Paper Club - Intrinsic Motivation For RL
• 2 min read 2 min
What I worked on
Read a few papers on curiosity and intrinsic motivation.
| Title | Authors | Year | Link |
|---|---|---|---|
| Intrinsic Motivation For Reinforcement Learning Systems | Barto, Andrew G. | n.d. | — |
| Learning to Play with Intrinsically-Motivated Self-Aware Agents | Haber, Nick; Mrowca, Damian; Fei-Fei, Li; Yamins, Daniel LK | 2018 | https://doi.org/10.48550/arXiv.1802.07442 |
| Computational Theories of Curiosity-Driven Learning | Oudeyer, Pierre-Yves | 2018 | https://doi.org/10.48550/arXiv.1802.10546 |
| Intrinsic Motivation Systems for Autonomous Mental Development | Oudeyer, Pierre-Yves; Kaplan, Frédéric; Hafner, Verena V. | 2007 | https://doi.org/10.1109/TEVC.2006.890271 |
| How Can We Define Intrinsic Motivation? | Oudeyer, Pierre-Yves; Kaplan, Frédéric | n.d. | — |
| Curiosity-Driven Exploration by Self-Supervised Prediction | Pathak, Deepak; Agrawal, Pulkit; Efros, Alexei A.; Darrell, Trevor | 2017 | https://doi.org/10.48550/arXiv.1705.05363 |
| Don’t Do What Doesn’t Matter: Intrinsic Motivation with Action Usefulness | Seurin, Mathieu; Strub, Florian; Preux, Philippe; Pietquin, Olivier | 2021 | https://doi.org/10.48550/arXiv.2105.09992 |
What I noticed
- I like the idea of the agent learning about the environment dynamics vs comparing ∞ states. Actions are finite so it scales.
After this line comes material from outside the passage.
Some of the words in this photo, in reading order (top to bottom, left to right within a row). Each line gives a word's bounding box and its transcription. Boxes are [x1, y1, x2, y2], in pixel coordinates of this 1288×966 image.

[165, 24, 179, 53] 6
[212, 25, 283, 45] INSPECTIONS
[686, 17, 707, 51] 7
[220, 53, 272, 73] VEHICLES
- Curiosity-based exploration has been historically about a forward model that tries to predict the next state/features. A high prediction error is used as the intrinsic reward because it means something surprising happened.
- Memory didn’t come up much but I like it.
- Store vectors (this allows for easy similarity comparisons)
- Count actions
- Learnt about an “inverse model” to predict the action that caused the transition.
- Curiosity is “an efficient way to bootstrap learning when there is no information” - Oudeyer
- World models seem to be the backbone for predicting action consequences. Love how this ties back into my earlier work.
”Aha” Moment
- n/a
What still feels messy
- Barto says all reward is intrinsic if you move the critic from the external environment into the agent’s internal environment. I’m not sure I believe that in the general case but it’s true enough for my scenario.
- Is curiosity expressing positive or negative valence? Need to think about this more.
Next step
- Come up with a new policy based on these ideas
- If I can add JEPA as a way to represent state that would be interesting. BUT JEPA requires SGD and I’m using ES, and I want dynamics not representation.